**Work instructions:**
The records below need to come back exactly as they are, pictures omitted.

**Input data:**
======
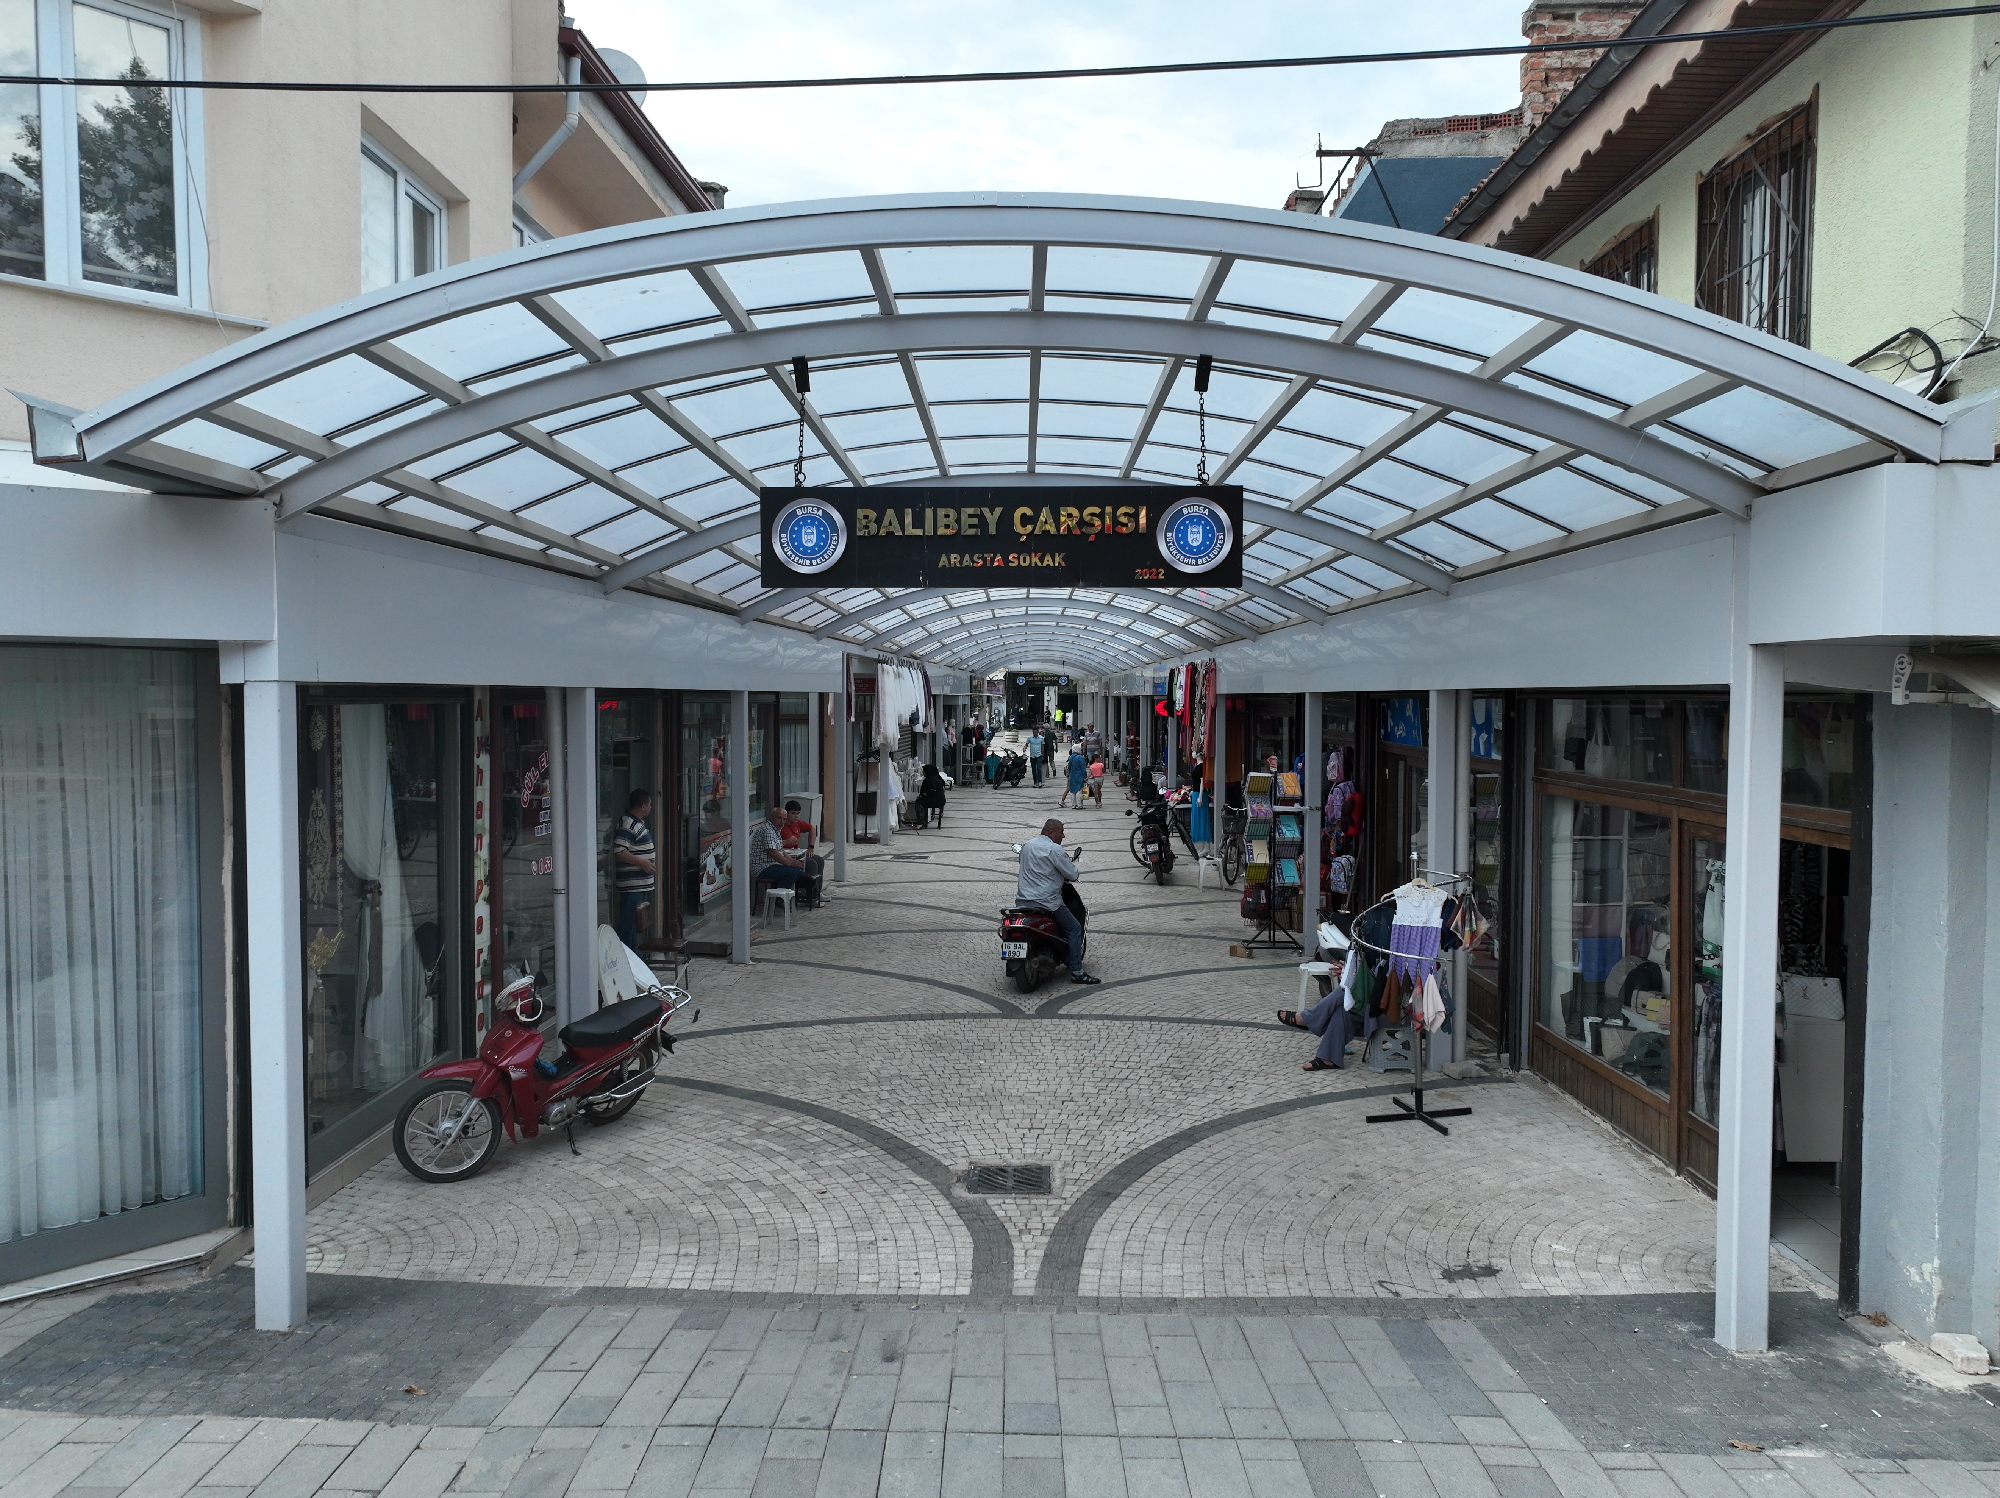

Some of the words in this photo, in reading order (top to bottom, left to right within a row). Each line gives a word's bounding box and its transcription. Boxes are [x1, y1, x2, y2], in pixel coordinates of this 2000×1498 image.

[795, 506, 823, 516] BURSA
[1182, 505, 1209, 516] BURSA
[856, 506, 1003, 535] BALIBEY
[1013, 505, 1147, 542] ÇARŞISI
[780, 533, 810, 566] BÜYÜKŞEHİR
[811, 533, 838, 566] BELEDİYESİ
[938, 553, 1005, 568] ARASTA
[1008, 552, 1067, 568] SOKAK
[1166, 532, 1196, 565] BÜYÜKŞEHİR
[1197, 532, 1224, 565] BELEDİYESİ
[1134, 568, 1165, 580] 2022
[521, 766, 540, 808] GÜL
======
**Exercise result:**
Some of the words in this photo, in reading order (top to bottom, left to right within a row). Each line gives a word's bounding box and its transcription. Boxes are [x1, y1, x2, y2], in pixel coordinates of this 2000×1498 image.

[795, 506, 823, 516] BURSA
[1182, 505, 1209, 516] BURSA
[856, 506, 1003, 535] BALIBEY
[1013, 505, 1147, 542] ÇARŞISI
[780, 533, 810, 566] BÜYÜKŞEHİR
[811, 533, 838, 566] BELEDİYESİ
[938, 553, 1005, 568] ARASTA
[1008, 552, 1067, 568] SOKAK
[1166, 532, 1196, 565] BÜYÜKŞEHİR
[1197, 532, 1224, 565] BELEDİYESİ
[1134, 568, 1165, 580] 2022
[521, 766, 540, 808] GÜL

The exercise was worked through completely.